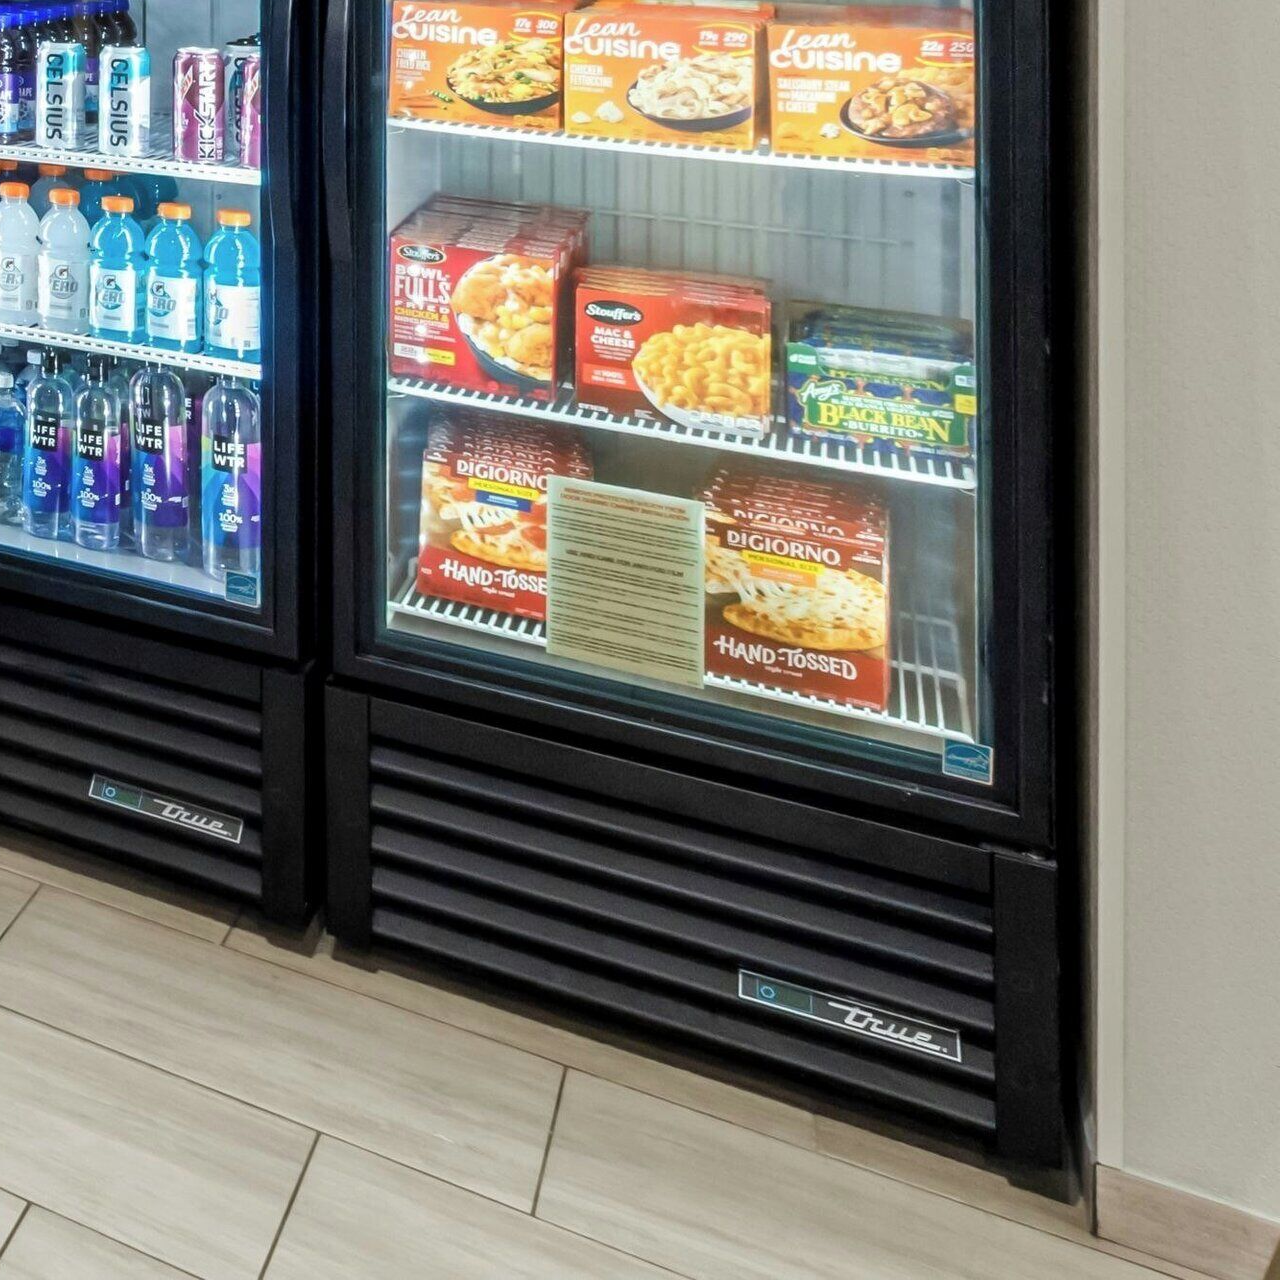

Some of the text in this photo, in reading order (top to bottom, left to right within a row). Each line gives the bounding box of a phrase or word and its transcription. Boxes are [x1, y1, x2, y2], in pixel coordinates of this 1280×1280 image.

[400, 4, 462, 25] Lean
[536, 20, 558, 30] 300
[573, 17, 641, 40] Lean
[724, 32, 747, 43] 290
[778, 29, 856, 53] Lean
[45, 53, 65, 141] CELSIUS
[109, 58, 129, 148] CELSIUS
[394, 275, 451, 305] FULLS
[585, 303, 642, 322] Stouffer's
[594, 326, 632, 338] MAC &
[590, 335, 635, 349] CHEESE
[801, 382, 841, 402] Amy's
[31, 422, 56, 435] LIFE
[137, 421, 162, 435] LIFE
[817, 402, 888, 426] BLACK
[891, 412, 952, 443] BEAN
[847, 421, 918, 439] BURRITO
[31, 435, 56, 447] WTR
[78, 431, 103, 445] LIFE
[137, 436, 163, 450] WTR
[78, 445, 103, 457] WTR
[214, 440, 245, 455] LIFE
[214, 455, 245, 468] WTR
[726, 529, 841, 566] DIGIORNO
[439, 558, 548, 596] HAND-TOSSE
[713, 634, 857, 680] HAND-TOSSED
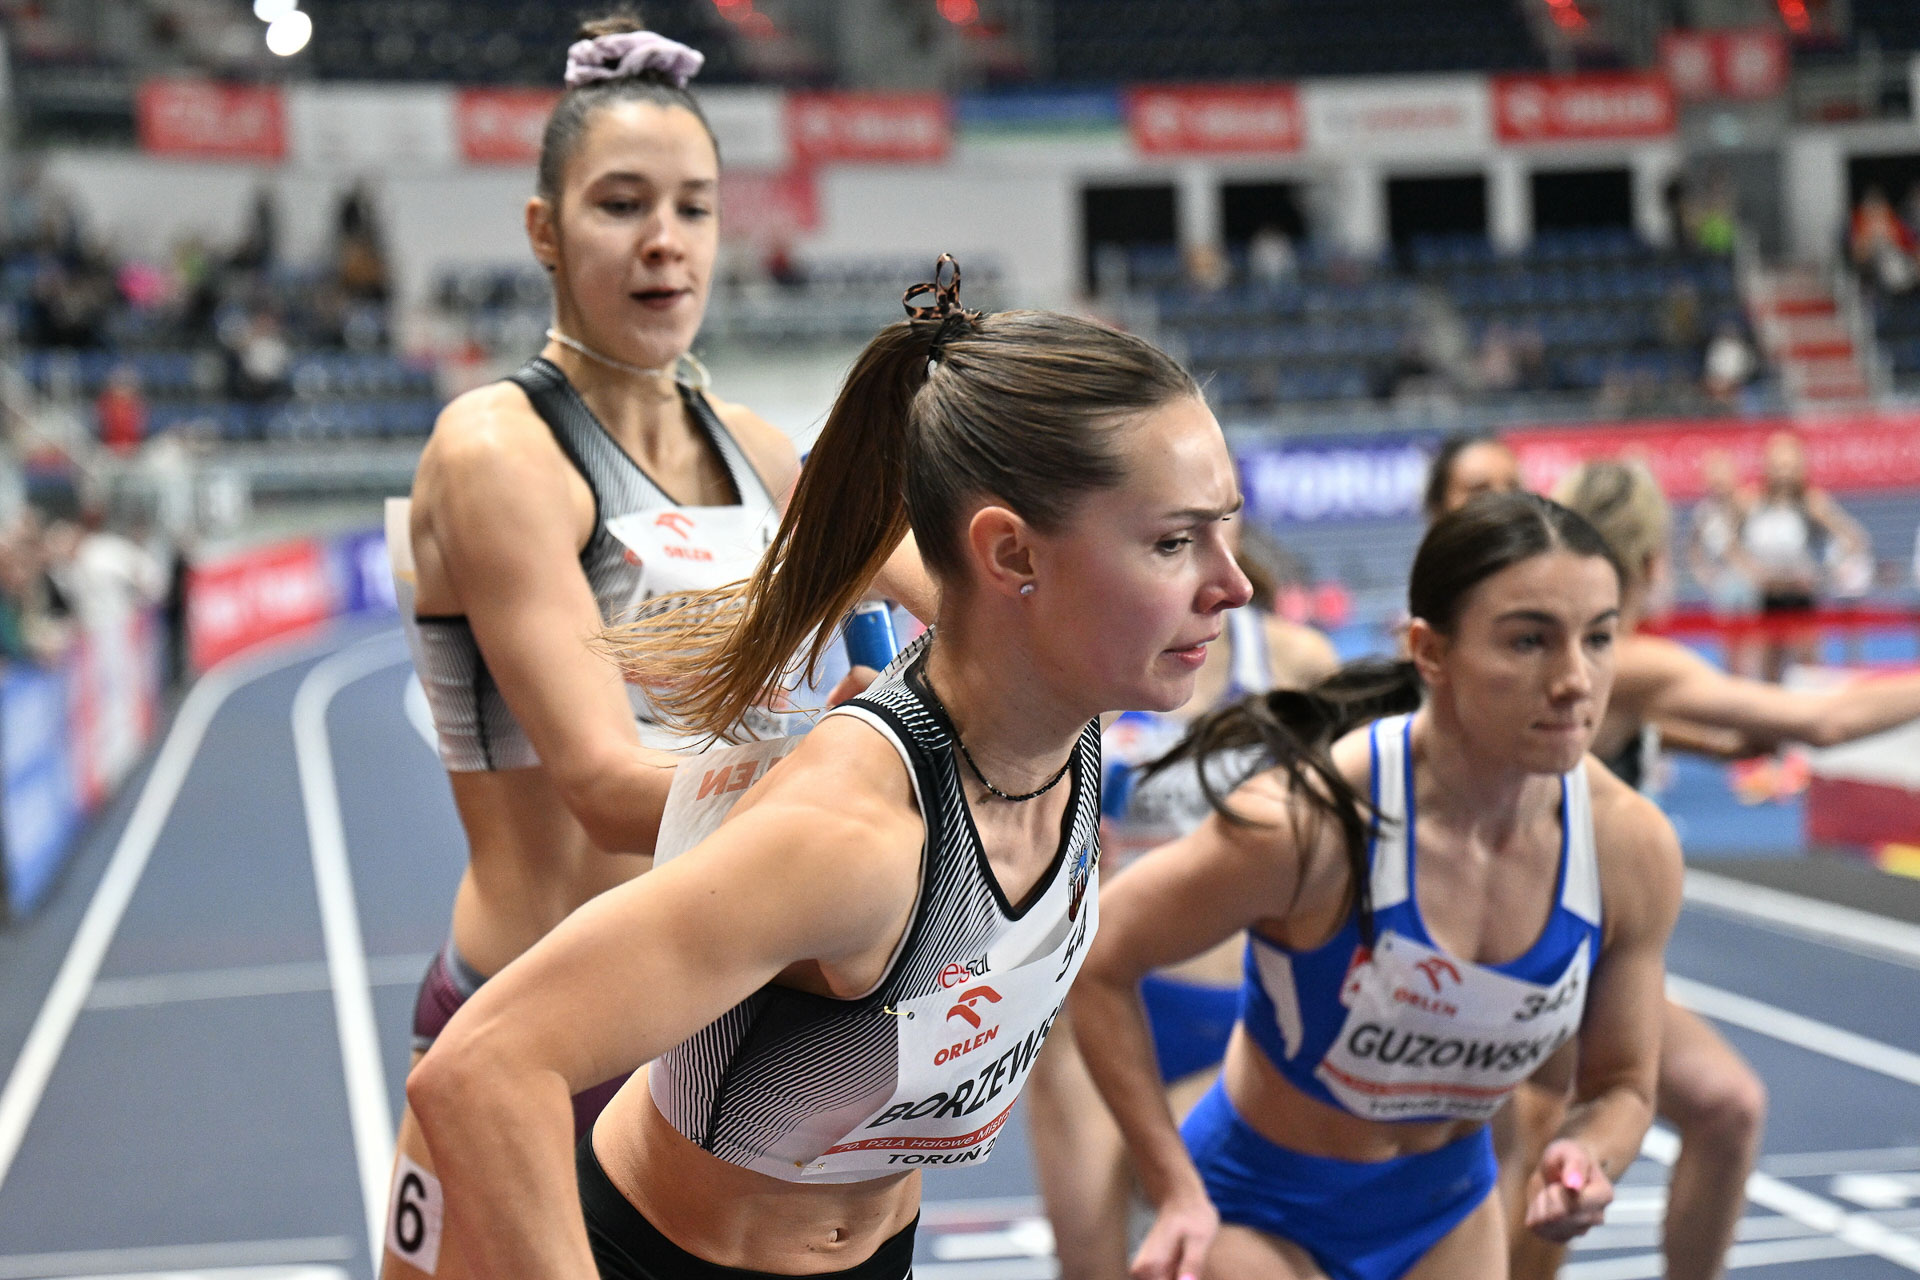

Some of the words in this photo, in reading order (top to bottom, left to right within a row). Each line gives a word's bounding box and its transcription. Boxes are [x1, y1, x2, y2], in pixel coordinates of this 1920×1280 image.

[1393, 987, 1458, 1017] ORLEN
[934, 1025, 1000, 1066] ORLEN
[865, 998, 1063, 1129] BORZEWS
[866, 1139, 906, 1148] PZLA
[910, 1136, 975, 1148] Halowe
[888, 1145, 982, 1164] TORUŃ
[396, 1172, 426, 1254] 6
---+---
Aim of the task ::
Strip out the images, then output the records above word for word.

Problem solution ::
Some of the text in this photo, in reading order (top to bottom, left to right within a row). Each line gives the bounding box of a phrase or word and its transcription. Boxes are [x1, y1, x2, y2], in pixel coordinates of this 1280×1280 image.

[400, 4, 462, 25] Lean
[536, 20, 558, 30] 300
[573, 17, 641, 40] Lean
[724, 32, 747, 43] 290
[778, 29, 856, 53] Lean
[45, 53, 65, 141] CELSIUS
[109, 58, 129, 148] CELSIUS
[394, 275, 451, 305] FULLS
[585, 303, 642, 322] Stouffer's
[594, 326, 632, 338] MAC &
[590, 335, 635, 349] CHEESE
[801, 382, 841, 402] Amy's
[31, 422, 56, 435] LIFE
[137, 421, 162, 435] LIFE
[817, 402, 888, 426] BLACK
[891, 412, 952, 443] BEAN
[847, 421, 918, 439] BURRITO
[31, 435, 56, 447] WTR
[78, 431, 103, 445] LIFE
[137, 436, 163, 450] WTR
[78, 445, 103, 457] WTR
[214, 440, 245, 455] LIFE
[214, 455, 245, 468] WTR
[726, 529, 841, 566] DIGIORNO
[439, 558, 548, 596] HAND-TOSSE
[713, 634, 857, 680] HAND-TOSSED

Some of the words in this photo, in reading order (top to bottom, left to right within a row). Each line gives a word's bounding box and its transcription. Boxes are [x1, y1, x2, y2], in pixel coordinates of this 1920×1280 image.

[1393, 987, 1458, 1017] ORLEN
[934, 1025, 1000, 1066] ORLEN
[865, 998, 1063, 1129] BORZEWS
[866, 1139, 906, 1148] PZLA
[910, 1136, 975, 1148] Halowe
[888, 1145, 982, 1164] TORUŃ
[396, 1172, 426, 1254] 6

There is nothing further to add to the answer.